When M8:ND5(G35C, C80A, S94-ns) and M8:ND5(A45C, C80A, S94-ns) RNAs were subjected to the pegylation assay in the absence of AdoMet, increased pegylation efficiencies relative to that for the A55C construct were observed (Fig. 2A, upper panel, lanes 1–3). However, pegylation efficiencies of M8:ND5(P65C, C80A, S94-ns) and M8:ND5(C80, S94-ns) were reduced compared with that of A55C (Fig. 2A, upper panel, lanes 3–5). These results confirmed that a decrease in pegylation efficiency reflects a shift of the cysteine residue into the ribosomal exit tunnel. It should be noted that pegylation efficiency of the G35C construct was as high as that in the SDS-treated RNCs (Fig. 1C), suggesting that Cys-35 was located well outside the ribosomal exit tunnel.
FIGURE 2.
Cysteine-scanning and pegylation assay of CGS1 nascent peptide. A and B, pegylation assay of wild-type MTO1 (A) and mto1-1 mutant (B) versions of M8:ND5(G35C, C80A, S94-ns) (lane 1), M8:ND5(A45C, C80A, S94-ns) (lane 2), M8:ND5(A55C, C80A, S94-ns) (lane 3), M8:ND5(P65C, C80A, S94-ns) (lane 4), and M8:ND5(S94-ns) (lane 5) RNAs in the absence (upper panel) and presence (lower panel) of 1 mm AdoMet was carried out as described for Fig. 1C. Representative results of triplicate experiments are shown. Positions of the 23-kDa pegylated (PEGed) and 11-kDa unpegylated (Non-PEGed) products are indicated. Unpegylated arrested peptide (10 kDa) produced by a secondary arrested ribosome is marked with a black dot. The single cysteine position is indicated below each lane, and the distance of this cysteine from the arrest site (Ser-94) is indicated in parentheses. C and D, pegylation experiments were carried out using a series of cysteine substitution constructs of wild-type MTO1 (C) and mto1-1 mutant (D) versions. The radioactive signals of the pegylated and unpegylated bands were quantified.

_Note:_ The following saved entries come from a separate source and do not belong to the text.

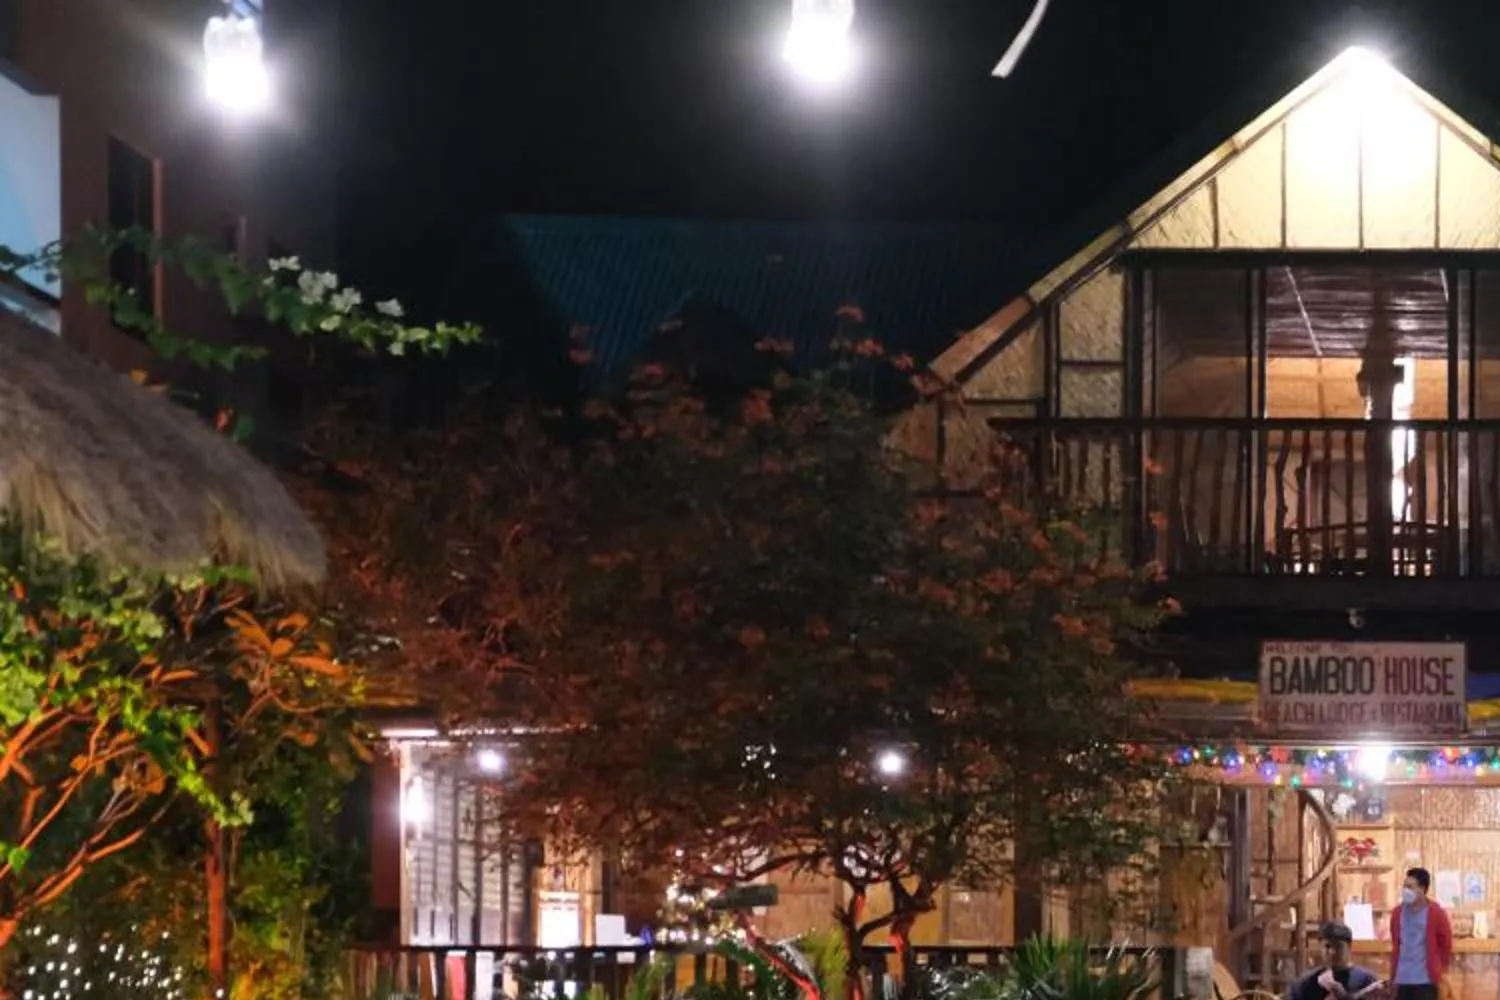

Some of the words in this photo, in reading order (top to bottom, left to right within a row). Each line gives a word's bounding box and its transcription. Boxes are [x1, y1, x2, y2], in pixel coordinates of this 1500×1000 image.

[1269, 655, 1375, 696] BAMBOO
[1384, 655, 1455, 696] HOUSE
[1259, 700, 1315, 723] BEACH
[1318, 700, 1367, 723] LODGE
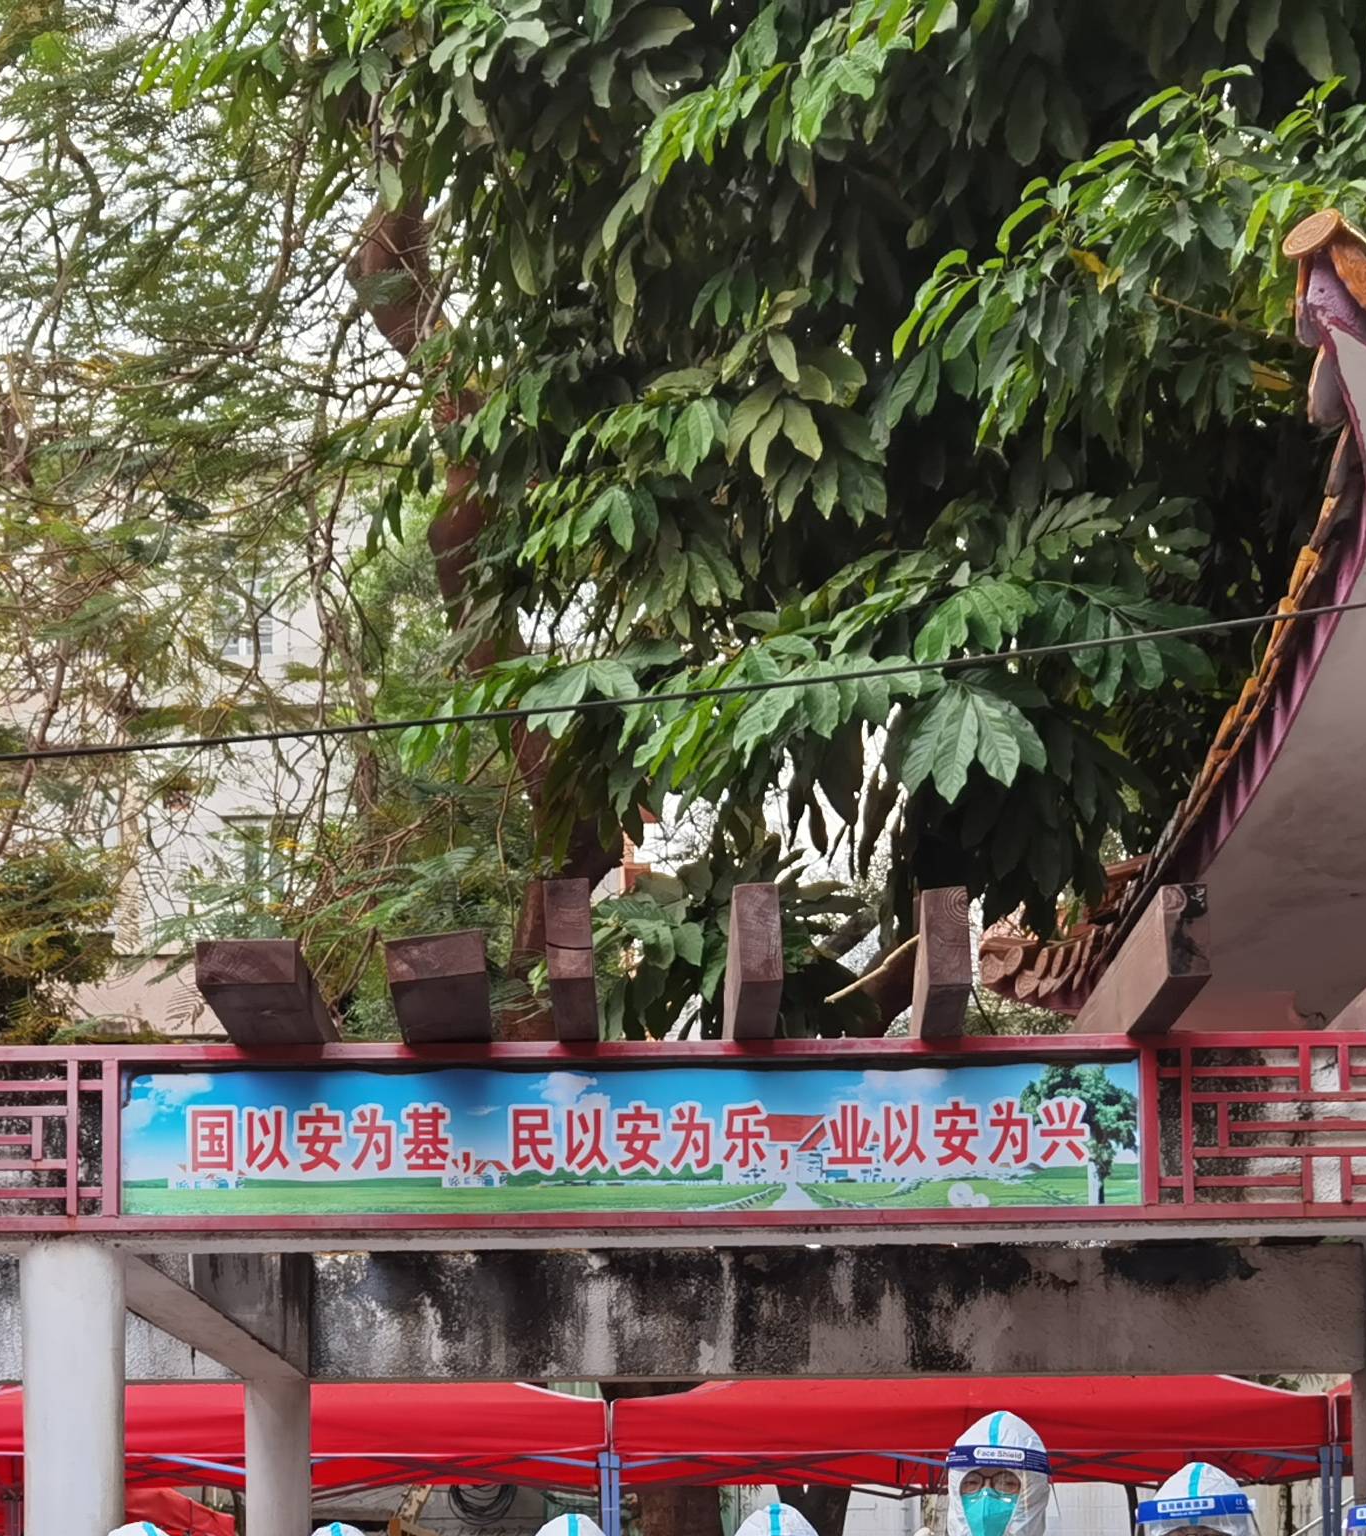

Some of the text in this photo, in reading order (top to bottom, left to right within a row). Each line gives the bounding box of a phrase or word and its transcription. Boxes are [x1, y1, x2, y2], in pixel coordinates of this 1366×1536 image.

[190, 1100, 1086, 1173] 国以安为基，民以安为乐，业以安为兴
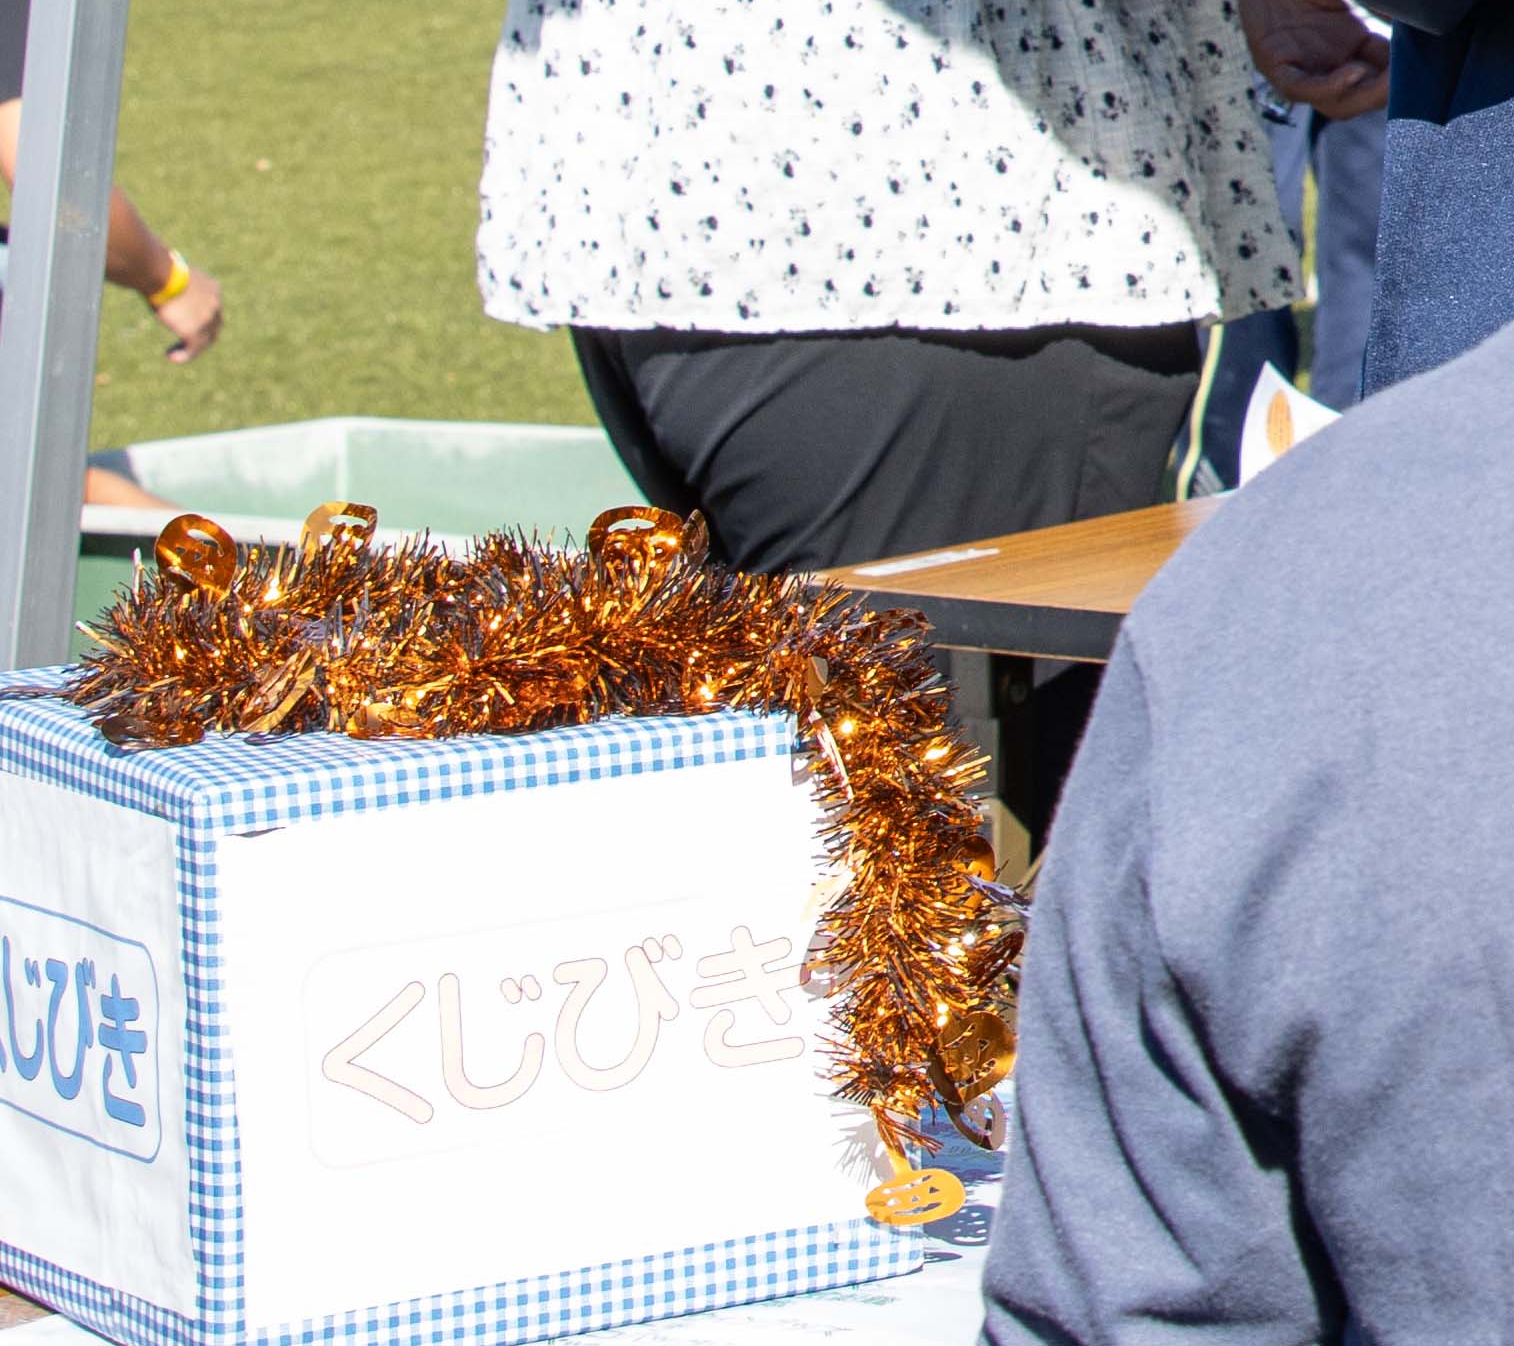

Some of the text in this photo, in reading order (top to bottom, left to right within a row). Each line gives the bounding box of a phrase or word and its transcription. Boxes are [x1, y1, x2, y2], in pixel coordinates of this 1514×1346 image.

[0, 936, 147, 1128] じびき
[321, 924, 805, 1124] くじびき

Pegylation efficiencies were calculated as in Fig. 1C, and average ± S.D. of at least three independent experiments are shown. Significant difference in pegylation efficiency between the absence and presence of AdoMet are marked with asterisks (p < 0.05 by t test).
When the same reactions were carried out in the presence of AdoMet, both M8:ND5(G35C, C80A, S94-ns) and M8:ND5(A45C, C80A, S94-ns) retained the increased pegylation efficiency (Fig. 2A, lower panel, lanes 1 and 2), which was equivalent to that in the absence of AdoMet (Fig. 2, A, upper panel, and C) and consistent with these residues remaining outside the exit tunnel irrespective of AdoMet conditions. A decrease in pegylation efficiency for M8:ND5(P65C, C80A, S94-ns) and M8:ND5(C80, S94-ns) was observed in the presence of AdoMet (Fig. 2, A, lower panel, lanes 4 and 5, and C), consistent with reduced accessibility of residues located inside the ribosomal tunnel according to AdoMet. More detailed cysteine scanning was also carried out for each amino acid between codons Ser-50 (45 amino acids from the arrest site) and Gly-60 (35 amino acids from the arrest site) codons (Fig. 2C, supplemental Fig. S3). Each construct carrying a cysteine substitution between Cys-50 and Cys-60 showed decreased pegylation in response to AdoMet. These results are consistent with AdoMet inducing a compaction of the CGS1 nascent peptide inside the ribosomal exit tunnel. Hereafter, the Ser-58 to cysteine substitution construct (S58C, 37 amino acids from the arrest site) was used for subsequent pegylation experiments.
Compaction of CGS1 Nascent Peptide Is Correlated with Regulatory Function of the MTO1 Region
The MTO1 region within CGS1 nascent peptide functions in cis in an AdoMet-dependent manner to mediate post-transcriptional regulation of CGS1 (3, 4, 6, 9). In the above experiments, compaction of the CGS1 nascent peptide was also shown to occur in an AdoMet-dependent manner. To assess whether nascent peptide compaction is dependent on the MTO1 sequence, pegylation experiments using mto1 mutations were performed. mto1 mutations, which harbor single amino acid alterations in the MTO1 region of CGS1 (Fig. 1A), have been shown to abolish post-transcriptional regulation of CGS1 (3, 4, 6, 9).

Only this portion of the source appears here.